SUPPLIED ENTRIES:
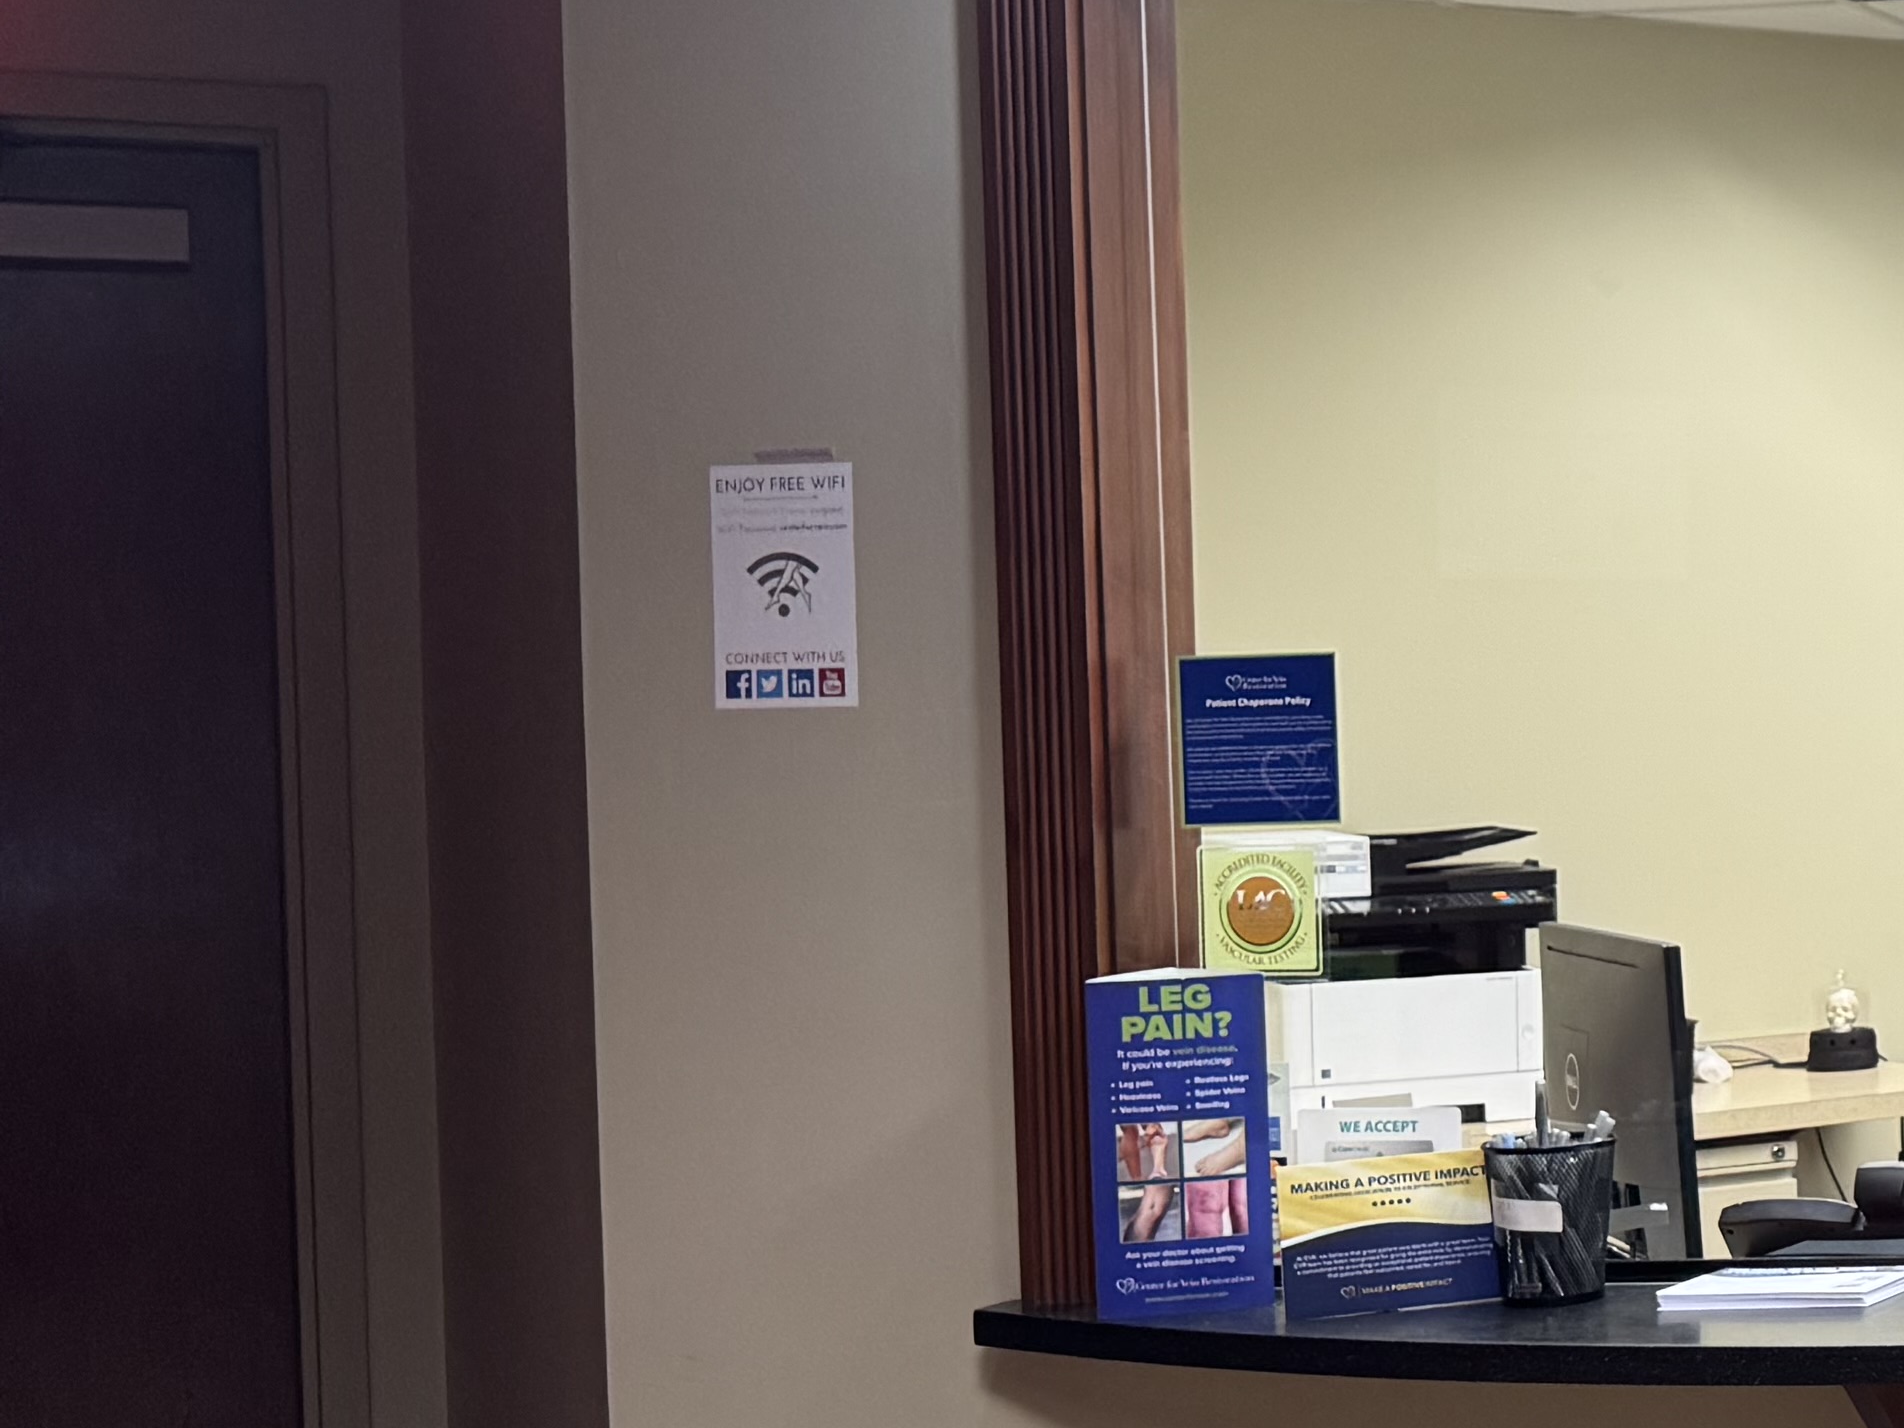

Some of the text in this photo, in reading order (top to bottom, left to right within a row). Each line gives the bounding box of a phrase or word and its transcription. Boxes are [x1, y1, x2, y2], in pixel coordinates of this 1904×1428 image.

[716, 475, 845, 493] ENJOY FREE WIFI
[725, 651, 845, 664] CONNECT WITH US
[1138, 983, 1212, 1013] LEG
[1121, 1011, 1232, 1043] PAIN?
[1117, 1050, 1124, 1058] It
[1127, 1048, 1155, 1058] could
[1157, 1048, 1170, 1057] be
[1122, 1061, 1130, 1070] If
[1339, 1120, 1419, 1133] WE ACCEPT
[1290, 1179, 1350, 1195] MAKING
[1354, 1178, 1364, 1187] A
[1368, 1170, 1431, 1187] POSITIVE
[1434, 1165, 1486, 1180] IMPACT

EXERCISE OBJECTIVE: Images are to be omitted; repeat the remaining data above exactly.

SOLUTION TO THIS TASK:
Some of the text in this photo, in reading order (top to bottom, left to right within a row). Each line gives the bounding box of a phrase or word and its transcription. Boxes are [x1, y1, x2, y2], in pixel coordinates of this 1904×1428 image.

[716, 475, 845, 493] ENJOY FREE WIFI
[725, 651, 845, 664] CONNECT WITH US
[1138, 983, 1212, 1013] LEG
[1121, 1011, 1232, 1043] PAIN?
[1117, 1050, 1124, 1058] It
[1127, 1048, 1155, 1058] could
[1157, 1048, 1170, 1057] be
[1122, 1061, 1130, 1070] If
[1339, 1120, 1419, 1133] WE ACCEPT
[1290, 1179, 1350, 1195] MAKING
[1354, 1178, 1364, 1187] A
[1368, 1170, 1431, 1187] POSITIVE
[1434, 1165, 1486, 1180] IMPACT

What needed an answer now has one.